■ THE TASK
Without changing a single word, restate the entries below.
-- MATERIAL FOR THE TASK follows --
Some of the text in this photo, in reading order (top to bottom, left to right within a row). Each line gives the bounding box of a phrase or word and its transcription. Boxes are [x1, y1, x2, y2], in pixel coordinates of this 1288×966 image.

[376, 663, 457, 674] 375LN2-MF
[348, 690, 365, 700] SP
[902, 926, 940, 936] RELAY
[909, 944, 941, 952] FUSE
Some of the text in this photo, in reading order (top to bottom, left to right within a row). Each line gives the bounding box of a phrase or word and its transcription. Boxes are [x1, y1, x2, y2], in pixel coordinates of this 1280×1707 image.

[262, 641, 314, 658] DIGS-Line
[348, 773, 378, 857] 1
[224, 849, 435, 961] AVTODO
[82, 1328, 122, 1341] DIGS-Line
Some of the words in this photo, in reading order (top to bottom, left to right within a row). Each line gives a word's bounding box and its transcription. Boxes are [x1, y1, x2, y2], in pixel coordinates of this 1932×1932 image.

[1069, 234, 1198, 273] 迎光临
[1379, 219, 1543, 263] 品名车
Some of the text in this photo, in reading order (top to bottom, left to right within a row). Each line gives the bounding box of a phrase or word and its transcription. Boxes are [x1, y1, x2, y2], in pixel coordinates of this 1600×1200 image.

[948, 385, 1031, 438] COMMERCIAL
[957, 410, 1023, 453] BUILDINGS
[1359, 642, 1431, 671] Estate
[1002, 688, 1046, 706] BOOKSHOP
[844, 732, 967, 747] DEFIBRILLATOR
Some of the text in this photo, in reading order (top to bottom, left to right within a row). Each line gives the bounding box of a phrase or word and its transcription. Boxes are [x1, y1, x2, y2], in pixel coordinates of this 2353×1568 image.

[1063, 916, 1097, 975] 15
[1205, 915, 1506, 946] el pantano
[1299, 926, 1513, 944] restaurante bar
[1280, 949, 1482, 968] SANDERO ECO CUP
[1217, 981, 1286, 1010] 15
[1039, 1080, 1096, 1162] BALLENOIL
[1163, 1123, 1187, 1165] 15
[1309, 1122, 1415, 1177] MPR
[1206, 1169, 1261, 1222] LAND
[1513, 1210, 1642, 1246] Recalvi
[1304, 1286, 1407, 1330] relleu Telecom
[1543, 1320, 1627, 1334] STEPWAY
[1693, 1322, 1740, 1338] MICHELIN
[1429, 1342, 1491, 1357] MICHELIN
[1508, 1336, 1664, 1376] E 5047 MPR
-- MATERIAL FOR THE TASK concluded --
■ REPLY
Some of the text in this photo, in reading order (top to bottom, left to right within a row). Each line gives the bounding box of a phrase or word and its transcription. Boxes are [x1, y1, x2, y2], in pixel coordinates of this 1288×966 image.

[376, 663, 457, 674] 375LN2-MF
[348, 690, 365, 700] SP
[902, 926, 940, 936] RELAY
[909, 944, 941, 952] FUSE
Some of the text in this photo, in reading order (top to bottom, left to right within a row). Each line gives the bounding box of a phrase or word and its transcription. Boxes are [x1, y1, x2, y2], in pixel coordinates of this 1280×1707 image.

[262, 641, 314, 658] DIGS-Line
[348, 773, 378, 857] 1
[224, 849, 435, 961] AVTODO
[82, 1328, 122, 1341] DIGS-Line
Some of the words in this photo, in reading order (top to bottom, left to right within a row). Each line gives a word's bounding box and its transcription. Boxes are [x1, y1, x2, y2], in pixel coordinates of this 1932×1932 image.

[1069, 234, 1198, 273] 迎光临
[1379, 219, 1543, 263] 品名车
Some of the text in this photo, in reading order (top to bottom, left to right within a row). Each line gives the bounding box of a phrase or word and its transcription. Boxes are [x1, y1, x2, y2], in pixel coordinates of this 1600×1200 image.

[948, 385, 1031, 438] COMMERCIAL
[957, 410, 1023, 453] BUILDINGS
[1359, 642, 1431, 671] Estate
[1002, 688, 1046, 706] BOOKSHOP
[844, 732, 967, 747] DEFIBRILLATOR
Some of the text in this photo, in reading order (top to bottom, left to right within a row). Each line gives the bounding box of a phrase or word and its transcription. Boxes are [x1, y1, x2, y2], in pixel coordinates of this 2353×1568 image.

[1063, 916, 1097, 975] 15
[1205, 915, 1506, 946] el pantano
[1299, 926, 1513, 944] restaurante bar
[1280, 949, 1482, 968] SANDERO ECO CUP
[1217, 981, 1286, 1010] 15
[1039, 1080, 1096, 1162] BALLENOIL
[1163, 1123, 1187, 1165] 15
[1309, 1122, 1415, 1177] MPR
[1206, 1169, 1261, 1222] LAND
[1513, 1210, 1642, 1246] Recalvi
[1304, 1286, 1407, 1330] relleu Telecom
[1543, 1320, 1627, 1334] STEPWAY
[1693, 1322, 1740, 1338] MICHELIN
[1429, 1342, 1491, 1357] MICHELIN
[1508, 1336, 1664, 1376] E 5047 MPR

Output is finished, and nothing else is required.